Earlier this month, President Trump withdrew from the Paris Agreement. Unsurprisingly, doing so sparked a massive amount of outrage. Many argued that we need to stay in the deal to combat “global warming.”
Yet, upon closer inspection, saving the planet from climate change doesn’t appear to be the only reason the deal currently has international support. On top of combating global warming, if the U.S. stays in the agreement, many other countries stand to make vast amounts of money.
Chris Horner, a senior fellow at the Competitive Enterprise Institute, recently informed reporters that many people try to mislead others about this fact by pointing out that almost every single country is a part of it. “Claiming that 193 countries signed on is a meaningless statement, which is likely why it’s made. The meaningful way to view it is that 193 countries agreed that the U.S. should harm itself and to gladly pay on Tuesday for the U.S. to harm itself today,” he explained, adding, “there’s a stark difference between agreeing to sign on to Paris and agreeing to do something, to undertake pain. In essence, they rented their signature for the promise of Paris-related wealth transfers. But for them to promise to do anything beyond take our money and impose the agenda, too, would really cost us.”
Basically, Horner is saying that the Paris Agreement is a bad deal because while it is true that 193 countries have signed on to the agreement, many of them will only reduce their emissions if they’re given vast sums of money by wealthier nations. This means that they’re just using the deal to have richer countries redistribute their wealth.
For example, while North Korea is expected to double its level of pollution by 2030, that’s only if they’re given lots of international aid. If not, they’ve threatened to pollute even more. And in Peru, government officials only agreed to cut emissions 30 percent by 2030 if they receive billions in funding. Other countries, like India, Iran, South Sudan, Niger, the Central African Republic, Cuba, Egypt, and Paraguay all have similar deals.
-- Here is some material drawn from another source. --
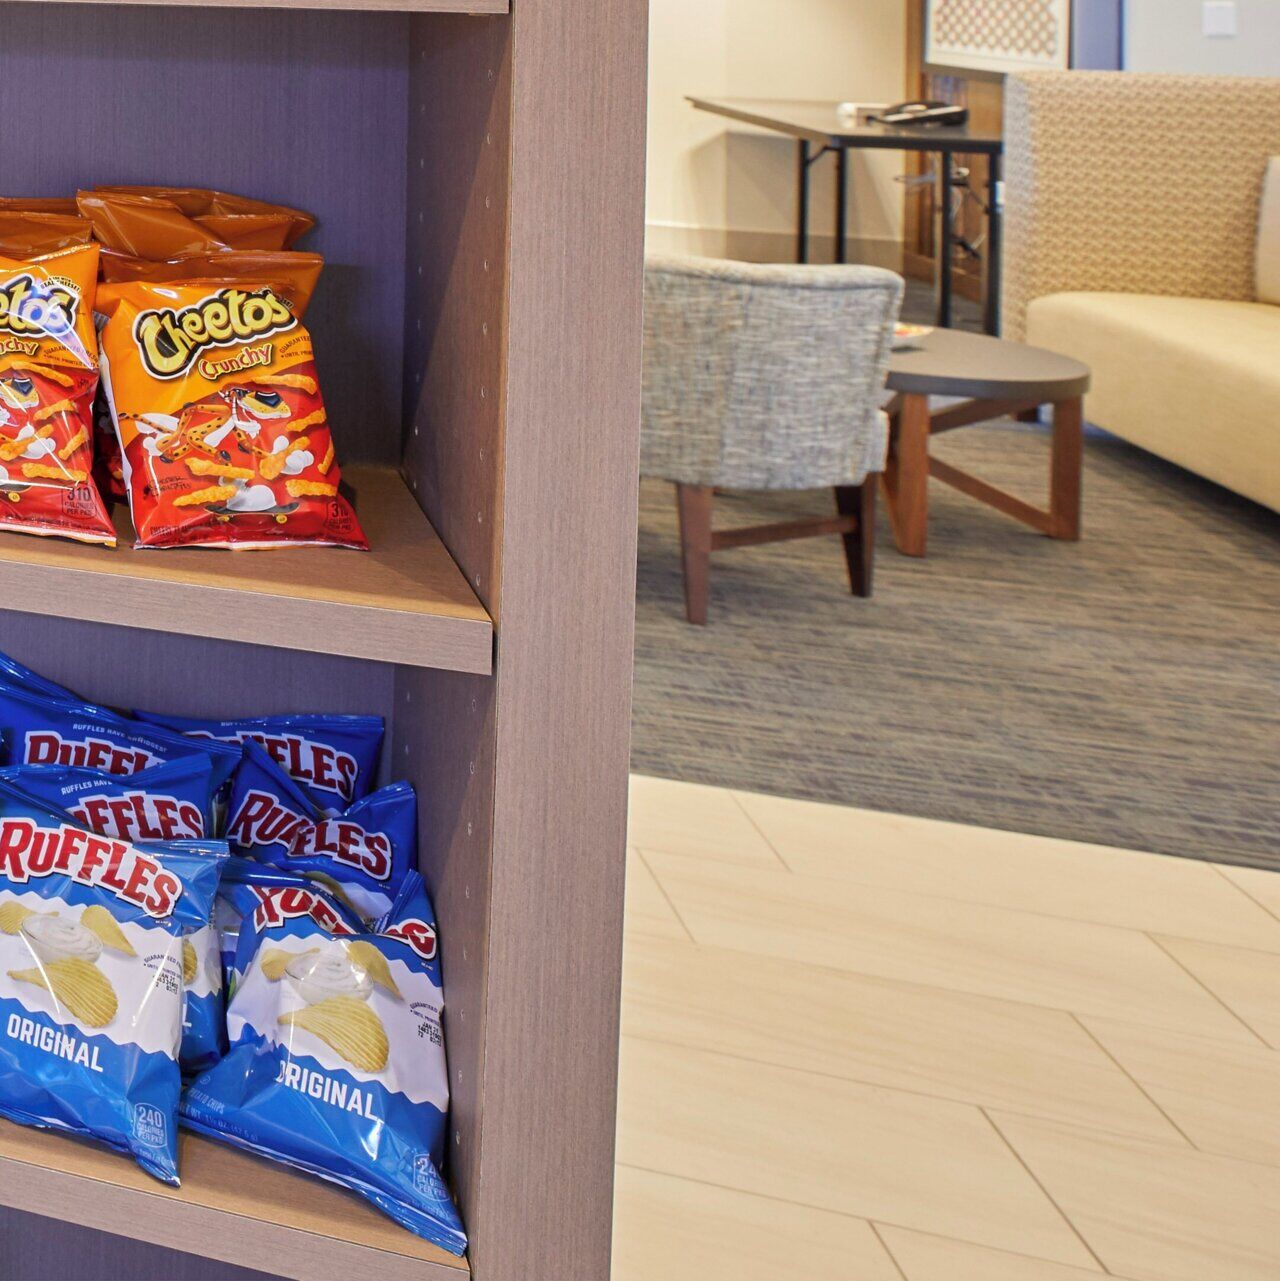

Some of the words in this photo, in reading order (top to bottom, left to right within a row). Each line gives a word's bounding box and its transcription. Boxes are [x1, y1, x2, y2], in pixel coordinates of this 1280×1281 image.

Because the countries are only agreeing to reduce emissions if they’re given money, it seems questionable to say that they’re in the deal because they care about climate change. Instead, it’s more reasonable to say that they like the deal because it’s one-sided and really only benefits them.
Newt Gingrich, the former Republican Speaker of the U.S. House of Representatives came to the same conclusion as Horner. On Twitter, he stated, “every foreign leader attacking Pres Trump over leaving Paris Accord -further proof the deal was one-sided and better for foreigners than US.” By saying this, he’s suggesting that they’re upset at Trump for withdrawing because they were benefitting from our involvement.
Every foreign leader attacking Pres Trump over leaving Paris Accord -further proof the deal was one sided and better for foreigners than US
— Newt Gingrich (@newtgingrich) June 1, 2017
According to Trump, the one-sidedness of the deal is precisely why he decided to withdraw. Specifically, he argued that “the Paris climate accord is simply the latest example of Washington entering into an agreement that disadvantages the United States, to the exclusive benefit of other countries, leaving American workers…and taxpayers to absorb the cost in terms of lost jobs, lower wages, shuttered factories, and vastly diminished economic production.”
Although he ultimately decided to pull out of the deal, he made it clear that he’s open to entering into a more fair agreement in the future. “[I’m willing to] begin negotiations to re-enter either the Paris accord or a really entirely new transaction, on terms that are fair to the United States, its businesses, its workers, its people, its taxpayers,” he explained. By saying this, Trump is showing that he has no problem being in an international agreement with other countries as long as it is an equal one.
Conservatives need to fight the lies being spread about the Paris Agreement with the truth. Despite what many on the left say, it was a terrible deal for our country. It hurt our economy without doing much to help combat climate change. Ultimately, the only thing the deal would have accomplished was redistributing wealth.